Exercise prompt: Copy out the data below. Leave nothing out and alter nothing.

** Opening The input block **

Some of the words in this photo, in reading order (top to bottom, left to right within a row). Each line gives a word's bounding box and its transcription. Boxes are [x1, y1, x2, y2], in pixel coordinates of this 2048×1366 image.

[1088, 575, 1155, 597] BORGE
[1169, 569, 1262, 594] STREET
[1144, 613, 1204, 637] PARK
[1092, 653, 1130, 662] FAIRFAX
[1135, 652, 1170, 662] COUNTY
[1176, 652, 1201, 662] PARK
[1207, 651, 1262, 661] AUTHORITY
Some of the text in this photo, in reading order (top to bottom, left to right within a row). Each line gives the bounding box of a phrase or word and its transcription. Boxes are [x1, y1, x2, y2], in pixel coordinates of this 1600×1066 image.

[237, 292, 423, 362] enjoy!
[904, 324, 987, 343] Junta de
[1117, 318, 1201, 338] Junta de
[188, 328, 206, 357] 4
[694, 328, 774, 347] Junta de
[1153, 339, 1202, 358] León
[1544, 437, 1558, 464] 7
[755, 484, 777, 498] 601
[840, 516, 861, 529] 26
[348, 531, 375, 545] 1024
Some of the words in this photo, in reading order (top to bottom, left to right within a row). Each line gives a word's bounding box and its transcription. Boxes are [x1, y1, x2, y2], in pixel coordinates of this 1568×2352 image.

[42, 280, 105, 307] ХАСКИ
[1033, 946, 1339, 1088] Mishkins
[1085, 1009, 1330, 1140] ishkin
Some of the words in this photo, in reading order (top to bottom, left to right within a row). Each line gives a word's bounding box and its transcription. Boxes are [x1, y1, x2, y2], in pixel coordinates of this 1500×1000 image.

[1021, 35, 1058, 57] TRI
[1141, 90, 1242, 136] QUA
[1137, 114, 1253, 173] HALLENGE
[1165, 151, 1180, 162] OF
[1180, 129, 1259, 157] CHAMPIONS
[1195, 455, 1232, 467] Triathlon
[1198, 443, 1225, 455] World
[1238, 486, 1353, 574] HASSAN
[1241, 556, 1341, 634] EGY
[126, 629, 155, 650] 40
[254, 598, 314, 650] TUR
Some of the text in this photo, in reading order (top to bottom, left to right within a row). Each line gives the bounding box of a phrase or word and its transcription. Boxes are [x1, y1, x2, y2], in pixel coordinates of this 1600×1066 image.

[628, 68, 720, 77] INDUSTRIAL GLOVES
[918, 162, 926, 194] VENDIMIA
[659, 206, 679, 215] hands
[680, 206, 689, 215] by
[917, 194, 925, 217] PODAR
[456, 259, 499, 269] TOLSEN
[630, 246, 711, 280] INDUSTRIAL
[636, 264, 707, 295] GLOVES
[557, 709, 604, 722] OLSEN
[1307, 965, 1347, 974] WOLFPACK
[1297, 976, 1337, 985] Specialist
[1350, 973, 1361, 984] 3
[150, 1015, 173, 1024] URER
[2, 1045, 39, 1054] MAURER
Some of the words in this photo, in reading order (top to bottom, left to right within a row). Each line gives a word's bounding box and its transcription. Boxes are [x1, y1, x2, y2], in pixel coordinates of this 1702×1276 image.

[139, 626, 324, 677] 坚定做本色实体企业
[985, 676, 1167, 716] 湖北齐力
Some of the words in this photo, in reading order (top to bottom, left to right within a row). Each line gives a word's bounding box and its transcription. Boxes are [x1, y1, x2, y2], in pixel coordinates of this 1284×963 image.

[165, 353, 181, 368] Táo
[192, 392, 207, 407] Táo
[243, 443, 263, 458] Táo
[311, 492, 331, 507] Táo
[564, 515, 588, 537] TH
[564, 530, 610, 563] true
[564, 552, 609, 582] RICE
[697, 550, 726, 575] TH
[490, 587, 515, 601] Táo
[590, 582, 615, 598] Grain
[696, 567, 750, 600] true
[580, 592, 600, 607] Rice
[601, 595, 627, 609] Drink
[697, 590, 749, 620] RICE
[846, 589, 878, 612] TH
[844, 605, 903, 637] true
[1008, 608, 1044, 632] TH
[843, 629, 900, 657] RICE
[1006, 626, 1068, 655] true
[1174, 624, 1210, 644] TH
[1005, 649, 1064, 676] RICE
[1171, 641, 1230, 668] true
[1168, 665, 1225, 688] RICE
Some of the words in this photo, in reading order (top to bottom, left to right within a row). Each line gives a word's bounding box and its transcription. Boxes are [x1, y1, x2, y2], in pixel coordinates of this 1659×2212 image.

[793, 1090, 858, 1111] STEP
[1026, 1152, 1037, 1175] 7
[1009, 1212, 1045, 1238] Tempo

** Closing The input block **

Answer to this exercise:
Some of the words in this photo, in reading order (top to bottom, left to right within a row). Each line gives a word's bounding box and its transcription. Boxes are [x1, y1, x2, y2], in pixel coordinates of this 2048×1366 image.

[1088, 575, 1155, 597] BORGE
[1169, 569, 1262, 594] STREET
[1144, 613, 1204, 637] PARK
[1092, 653, 1130, 662] FAIRFAX
[1135, 652, 1170, 662] COUNTY
[1176, 652, 1201, 662] PARK
[1207, 651, 1262, 661] AUTHORITY
Some of the text in this photo, in reading order (top to bottom, left to right within a row). Each line gives the bounding box of a phrase or word and its transcription. Boxes are [x1, y1, x2, y2], in pixel coordinates of this 1600×1066 image.

[237, 292, 423, 362] enjoy!
[904, 324, 987, 343] Junta de
[1117, 318, 1201, 338] Junta de
[188, 328, 206, 357] 4
[694, 328, 774, 347] Junta de
[1153, 339, 1202, 358] León
[1544, 437, 1558, 464] 7
[755, 484, 777, 498] 601
[840, 516, 861, 529] 26
[348, 531, 375, 545] 1024
Some of the words in this photo, in reading order (top to bottom, left to right within a row). Each line gives a word's bounding box and its transcription. Boxes are [x1, y1, x2, y2], in pixel coordinates of this 1568×2352 image.

[42, 280, 105, 307] ХАСКИ
[1033, 946, 1339, 1088] Mishkins
[1085, 1009, 1330, 1140] ishkin
Some of the words in this photo, in reading order (top to bottom, left to right within a row). Each line gives a word's bounding box and its transcription. Boxes are [x1, y1, x2, y2], in pixel coordinates of this 1500×1000 image.

[1021, 35, 1058, 57] TRI
[1141, 90, 1242, 136] QUA
[1137, 114, 1253, 173] HALLENGE
[1165, 151, 1180, 162] OF
[1180, 129, 1259, 157] CHAMPIONS
[1195, 455, 1232, 467] Triathlon
[1198, 443, 1225, 455] World
[1238, 486, 1353, 574] HASSAN
[1241, 556, 1341, 634] EGY
[126, 629, 155, 650] 40
[254, 598, 314, 650] TUR
Some of the text in this photo, in reading order (top to bottom, left to right within a row). Each line gives the bounding box of a phrase or word and its transcription. Boxes are [x1, y1, x2, y2], in pixel coordinates of this 1600×1066 image.

[628, 68, 720, 77] INDUSTRIAL GLOVES
[918, 162, 926, 194] VENDIMIA
[659, 206, 679, 215] hands
[680, 206, 689, 215] by
[917, 194, 925, 217] PODAR
[456, 259, 499, 269] TOLSEN
[630, 246, 711, 280] INDUSTRIAL
[636, 264, 707, 295] GLOVES
[557, 709, 604, 722] OLSEN
[1307, 965, 1347, 974] WOLFPACK
[1297, 976, 1337, 985] Specialist
[1350, 973, 1361, 984] 3
[150, 1015, 173, 1024] URER
[2, 1045, 39, 1054] MAURER
Some of the words in this photo, in reading order (top to bottom, left to right within a row). Each line gives a word's bounding box and its transcription. Boxes are [x1, y1, x2, y2], in pixel coordinates of this 1702×1276 image.

[139, 626, 324, 677] 坚定做本色实体企业
[985, 676, 1167, 716] 湖北齐力
Some of the words in this photo, in reading order (top to bottom, left to right within a row). Each line gives a word's bounding box and its transcription. Boxes are [x1, y1, x2, y2], in pixel coordinates of this 1284×963 image.

[165, 353, 181, 368] Táo
[192, 392, 207, 407] Táo
[243, 443, 263, 458] Táo
[311, 492, 331, 507] Táo
[564, 515, 588, 537] TH
[564, 530, 610, 563] true
[564, 552, 609, 582] RICE
[697, 550, 726, 575] TH
[490, 587, 515, 601] Táo
[590, 582, 615, 598] Grain
[696, 567, 750, 600] true
[580, 592, 600, 607] Rice
[601, 595, 627, 609] Drink
[697, 590, 749, 620] RICE
[846, 589, 878, 612] TH
[844, 605, 903, 637] true
[1008, 608, 1044, 632] TH
[843, 629, 900, 657] RICE
[1006, 626, 1068, 655] true
[1174, 624, 1210, 644] TH
[1005, 649, 1064, 676] RICE
[1171, 641, 1230, 668] true
[1168, 665, 1225, 688] RICE
Some of the words in this photo, in reading order (top to bottom, left to right within a row). Each line gives a word's bounding box and its transcription. Boxes are [x1, y1, x2, y2], in pixel coordinates of this 1659×2212 image.

[793, 1090, 858, 1111] STEP
[1026, 1152, 1037, 1175] 7
[1009, 1212, 1045, 1238] Tempo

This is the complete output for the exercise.